Is there an actual bookworm of a certian beetle larvae? Or is the ”bookworm” actually the silverfish by the damage it creates in books?
What a nice theoretical question you have posed for us. Since you cited the sources for the photos you attached, and since one is clearly watermarked as an iStock Photo and since we are linking back to the site if anyone wants to download the image, we don’t think we will be slapped with any copyright infringement suits, so we believe we are safe to include the image. We are not entirely convinced the creature in the photo is an actual “Bookworm” but we do believe it is some moth larva. We also believe it might have been a staged photo since the selective focus is so artfully done. The Harry Ransom Center at the University of Texas at Austin has a conservation page that states: “There are several types of insects that damage collection materials including books. The most common pests are roaches, silverfish, and various types of beetles.

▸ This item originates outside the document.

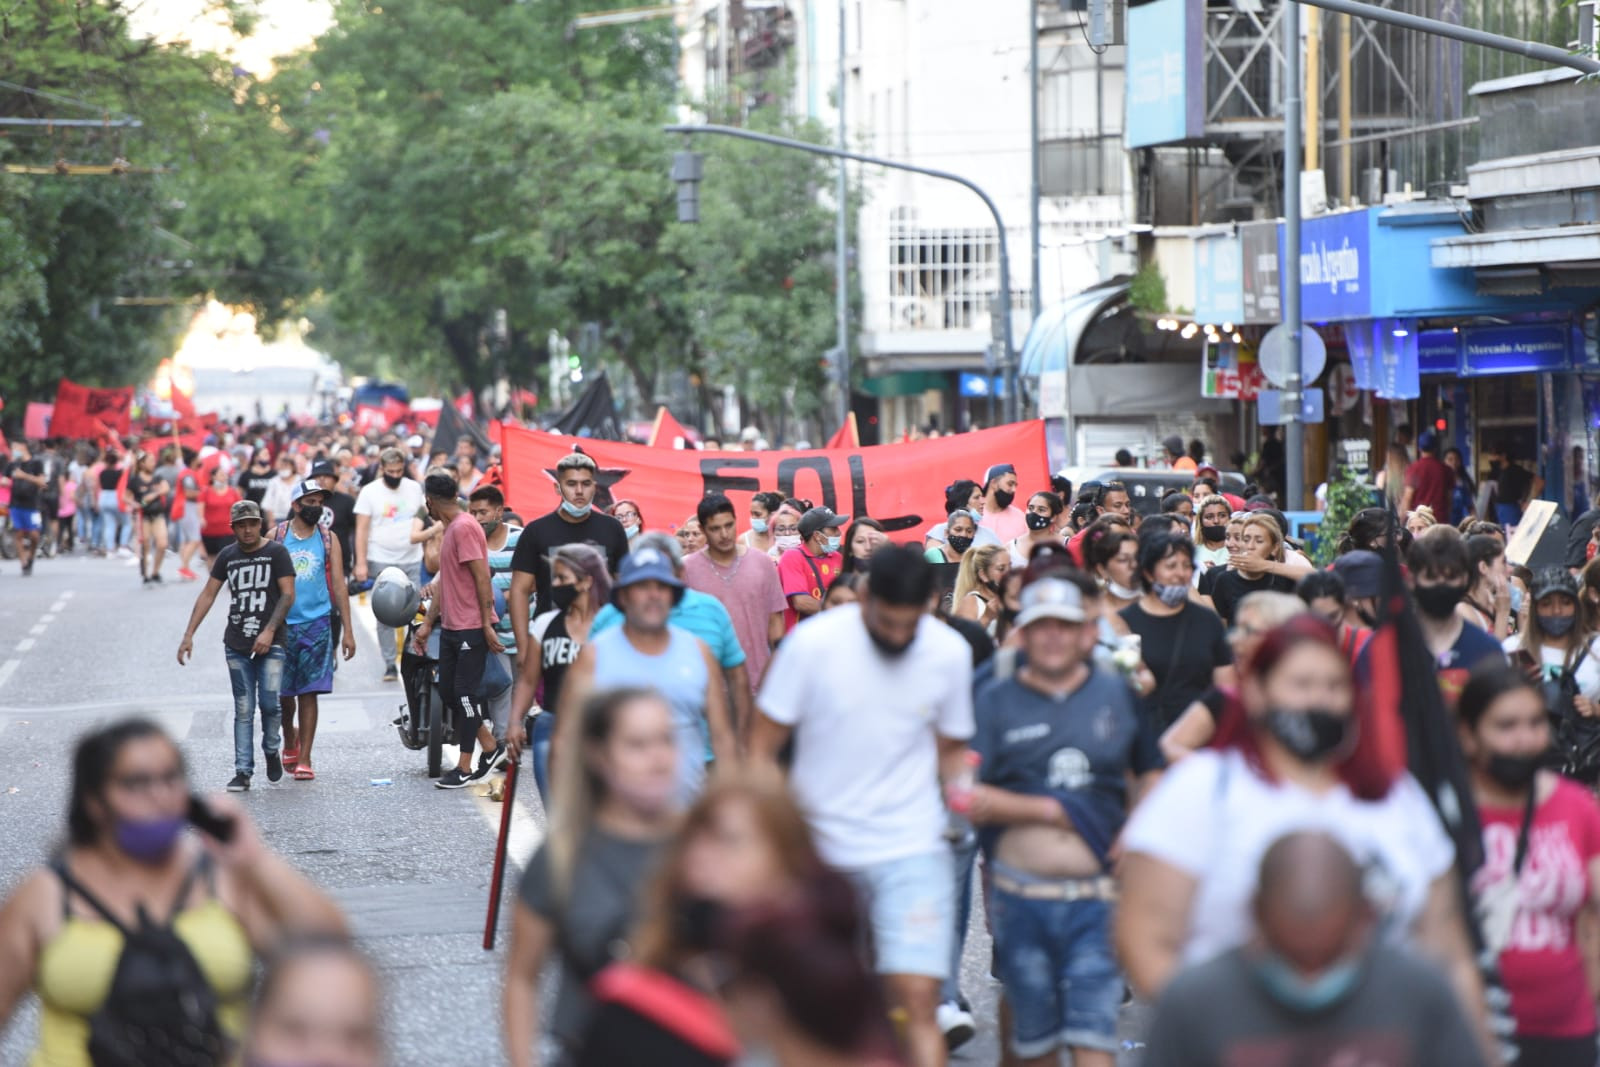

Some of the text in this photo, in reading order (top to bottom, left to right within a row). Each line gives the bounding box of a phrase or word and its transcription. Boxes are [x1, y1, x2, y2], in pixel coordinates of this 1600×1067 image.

These insects eat the protein and starch components in books and other materials, and the feces of these and other types of insects can disfigure collection materials.” We suspect that when more natural materials, including starch bindings, were used in bookmaking, printed materials were more prone to insect damage than they are now. The beetles that are mentioned are most likely Carpet Beetles in the family Dermestidae (see BugGuide) which will damage many items in addition to books that are in museum collections. We have numerous photos of the larvae of Carpet Beetles on our site, but we have never received an image of one in a book.